- _ASSIGNMENT_: Every entry should be returned unchanged, with the pictures omitted.

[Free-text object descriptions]
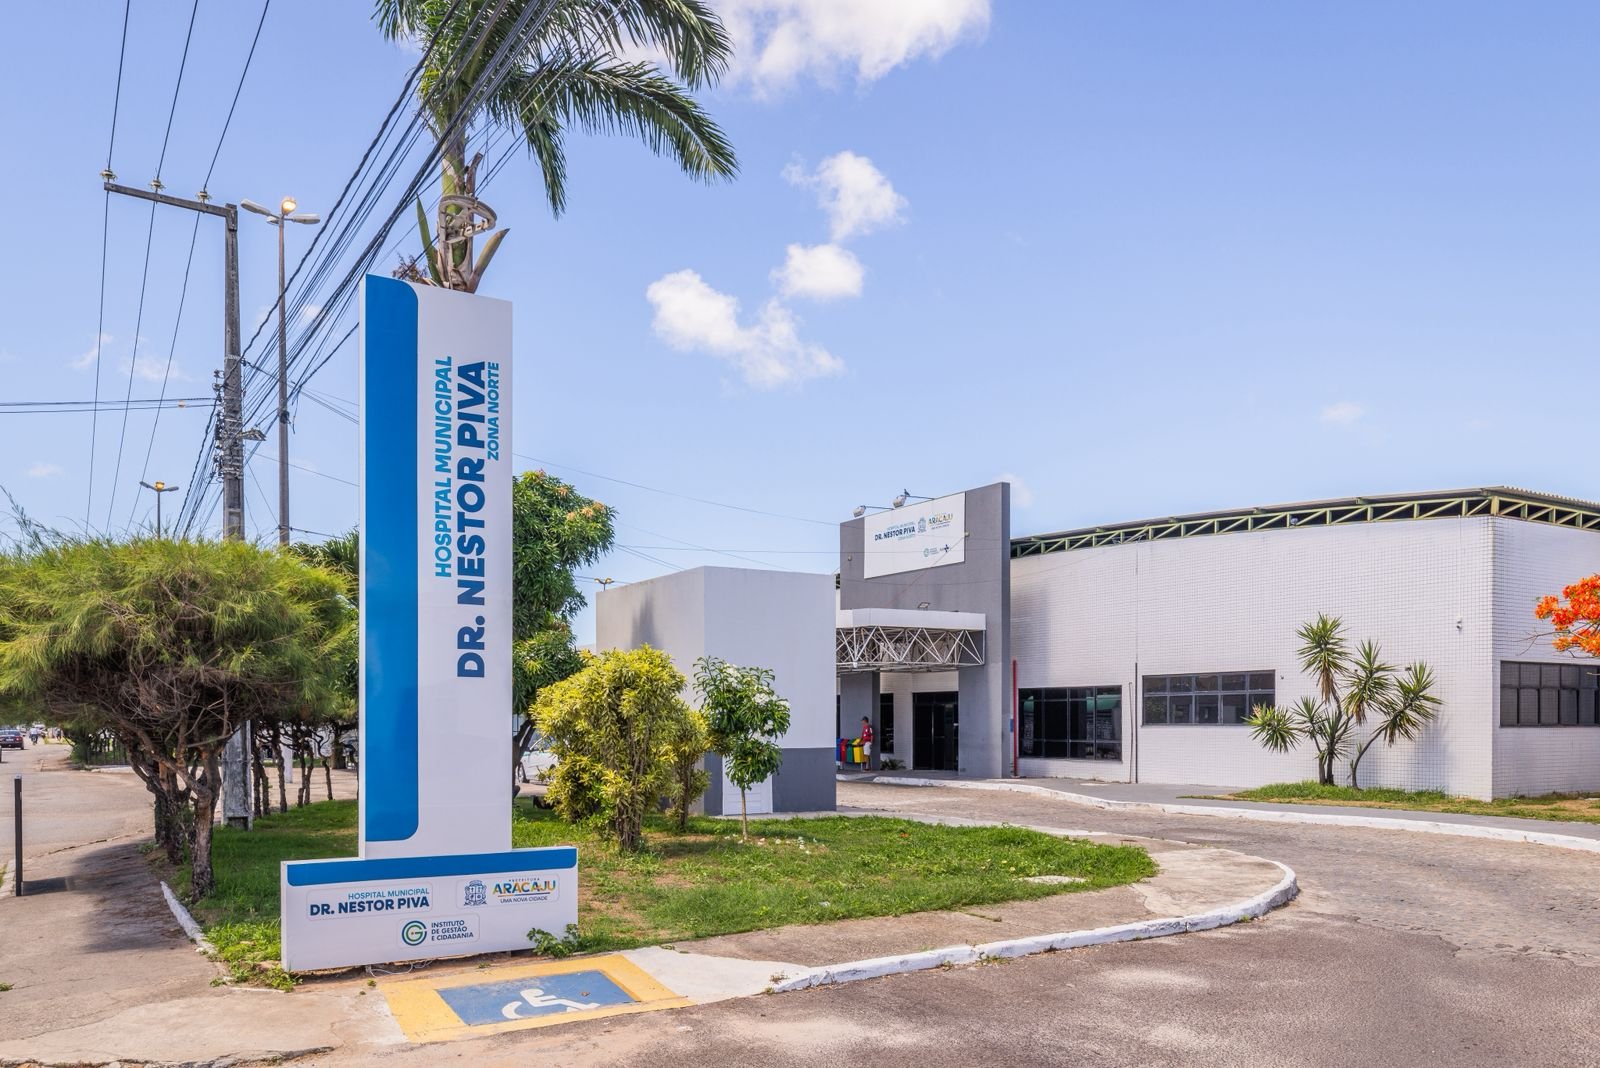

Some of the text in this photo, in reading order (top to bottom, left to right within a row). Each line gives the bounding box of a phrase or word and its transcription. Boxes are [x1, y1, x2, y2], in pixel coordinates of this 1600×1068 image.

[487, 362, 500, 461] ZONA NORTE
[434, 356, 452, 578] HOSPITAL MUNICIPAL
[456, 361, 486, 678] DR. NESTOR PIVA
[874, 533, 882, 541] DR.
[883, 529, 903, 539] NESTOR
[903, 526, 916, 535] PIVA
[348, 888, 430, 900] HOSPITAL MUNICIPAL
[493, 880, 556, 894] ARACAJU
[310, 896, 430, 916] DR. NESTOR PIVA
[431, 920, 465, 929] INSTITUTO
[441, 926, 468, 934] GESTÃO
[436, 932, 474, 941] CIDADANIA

- _YOUR RESPONSE_:
Some of the text in this photo, in reading order (top to bottom, left to right within a row). Each line gives the bounding box of a phrase or word and its transcription. Boxes are [x1, y1, x2, y2], in pixel coordinates of this 1600×1068 image.

[487, 362, 500, 461] ZONA NORTE
[434, 356, 452, 578] HOSPITAL MUNICIPAL
[456, 361, 486, 678] DR. NESTOR PIVA
[874, 533, 882, 541] DR.
[883, 529, 903, 539] NESTOR
[903, 526, 916, 535] PIVA
[348, 888, 430, 900] HOSPITAL MUNICIPAL
[493, 880, 556, 894] ARACAJU
[310, 896, 430, 916] DR. NESTOR PIVA
[431, 920, 465, 929] INSTITUTO
[441, 926, 468, 934] GESTÃO
[436, 932, 474, 941] CIDADANIA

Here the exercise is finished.